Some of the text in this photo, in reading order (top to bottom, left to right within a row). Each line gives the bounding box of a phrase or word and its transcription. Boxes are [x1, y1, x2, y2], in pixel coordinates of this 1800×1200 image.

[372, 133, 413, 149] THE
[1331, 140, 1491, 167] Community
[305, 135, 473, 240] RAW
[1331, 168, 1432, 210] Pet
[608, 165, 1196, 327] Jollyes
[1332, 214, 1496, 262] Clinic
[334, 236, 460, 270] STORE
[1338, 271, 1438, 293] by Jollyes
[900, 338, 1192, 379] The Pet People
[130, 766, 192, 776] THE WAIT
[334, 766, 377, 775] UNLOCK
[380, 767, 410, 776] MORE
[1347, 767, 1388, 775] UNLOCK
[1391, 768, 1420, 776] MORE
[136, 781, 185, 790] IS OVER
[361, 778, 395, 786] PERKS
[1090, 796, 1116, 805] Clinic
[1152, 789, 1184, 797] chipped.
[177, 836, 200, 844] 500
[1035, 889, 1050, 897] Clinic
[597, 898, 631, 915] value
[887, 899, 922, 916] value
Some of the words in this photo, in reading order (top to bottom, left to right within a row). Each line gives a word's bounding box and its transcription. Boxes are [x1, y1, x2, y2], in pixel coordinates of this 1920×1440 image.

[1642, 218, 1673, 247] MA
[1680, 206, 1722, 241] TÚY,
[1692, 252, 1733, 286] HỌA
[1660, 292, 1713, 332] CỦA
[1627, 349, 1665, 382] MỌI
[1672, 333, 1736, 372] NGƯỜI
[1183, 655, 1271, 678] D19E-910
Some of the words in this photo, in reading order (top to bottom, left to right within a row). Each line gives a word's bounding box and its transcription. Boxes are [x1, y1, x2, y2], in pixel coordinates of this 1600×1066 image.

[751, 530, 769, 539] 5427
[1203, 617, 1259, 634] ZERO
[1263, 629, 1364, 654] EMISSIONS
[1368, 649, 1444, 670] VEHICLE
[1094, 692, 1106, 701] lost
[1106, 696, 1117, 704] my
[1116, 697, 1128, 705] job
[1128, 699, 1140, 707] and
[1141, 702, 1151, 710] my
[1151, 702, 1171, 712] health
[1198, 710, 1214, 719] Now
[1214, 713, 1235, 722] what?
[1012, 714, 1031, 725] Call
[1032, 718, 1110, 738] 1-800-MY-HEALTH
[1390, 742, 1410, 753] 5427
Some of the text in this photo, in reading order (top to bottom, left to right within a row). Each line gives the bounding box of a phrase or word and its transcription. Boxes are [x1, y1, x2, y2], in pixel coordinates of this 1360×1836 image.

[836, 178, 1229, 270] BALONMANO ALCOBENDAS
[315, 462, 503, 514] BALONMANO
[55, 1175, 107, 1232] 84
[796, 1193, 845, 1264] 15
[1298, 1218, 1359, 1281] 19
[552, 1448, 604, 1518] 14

------------

● **THE TASK**:
Each line of the records should be repeated exactly as it stands.

● **RESULT OF THE TASK**:
Some of the text in this photo, in reading order (top to bottom, left to right within a row). Each line gives the bounding box of a phrase or word and its transcription. Boxes are [x1, y1, x2, y2], in pixel coordinates of this 1800×1200 image.

[372, 133, 413, 149] THE
[1331, 140, 1491, 167] Community
[305, 135, 473, 240] RAW
[1331, 168, 1432, 210] Pet
[608, 165, 1196, 327] Jollyes
[1332, 214, 1496, 262] Clinic
[334, 236, 460, 270] STORE
[1338, 271, 1438, 293] by Jollyes
[900, 338, 1192, 379] The Pet People
[130, 766, 192, 776] THE WAIT
[334, 766, 377, 775] UNLOCK
[380, 767, 410, 776] MORE
[1347, 767, 1388, 775] UNLOCK
[1391, 768, 1420, 776] MORE
[136, 781, 185, 790] IS OVER
[361, 778, 395, 786] PERKS
[1090, 796, 1116, 805] Clinic
[1152, 789, 1184, 797] chipped.
[177, 836, 200, 844] 500
[1035, 889, 1050, 897] Clinic
[597, 898, 631, 915] value
[887, 899, 922, 916] value
Some of the words in this photo, in reading order (top to bottom, left to right within a row). Each line gives a word's bounding box and its transcription. Boxes are [x1, y1, x2, y2], in pixel coordinates of this 1920×1440 image.

[1642, 218, 1673, 247] MA
[1680, 206, 1722, 241] TÚY,
[1692, 252, 1733, 286] HỌA
[1660, 292, 1713, 332] CỦA
[1627, 349, 1665, 382] MỌI
[1672, 333, 1736, 372] NGƯỜI
[1183, 655, 1271, 678] D19E-910
Some of the words in this photo, in reading order (top to bottom, left to right within a row). Each line gives a word's bounding box and its transcription. Boxes are [x1, y1, x2, y2], in pixel coordinates of this 1600×1066 image.

[751, 530, 769, 539] 5427
[1203, 617, 1259, 634] ZERO
[1263, 629, 1364, 654] EMISSIONS
[1368, 649, 1444, 670] VEHICLE
[1094, 692, 1106, 701] lost
[1106, 696, 1117, 704] my
[1116, 697, 1128, 705] job
[1128, 699, 1140, 707] and
[1141, 702, 1151, 710] my
[1151, 702, 1171, 712] health
[1198, 710, 1214, 719] Now
[1214, 713, 1235, 722] what?
[1012, 714, 1031, 725] Call
[1032, 718, 1110, 738] 1-800-MY-HEALTH
[1390, 742, 1410, 753] 5427
Some of the text in this photo, in reading order (top to bottom, left to right within a row). Each line gives the bounding box of a phrase or word and its transcription. Boxes are [x1, y1, x2, y2], in pixel coordinates of this 1360×1836 image.

[836, 178, 1229, 270] BALONMANO ALCOBENDAS
[315, 462, 503, 514] BALONMANO
[55, 1175, 107, 1232] 84
[796, 1193, 845, 1264] 15
[1298, 1218, 1359, 1281] 19
[552, 1448, 604, 1518] 14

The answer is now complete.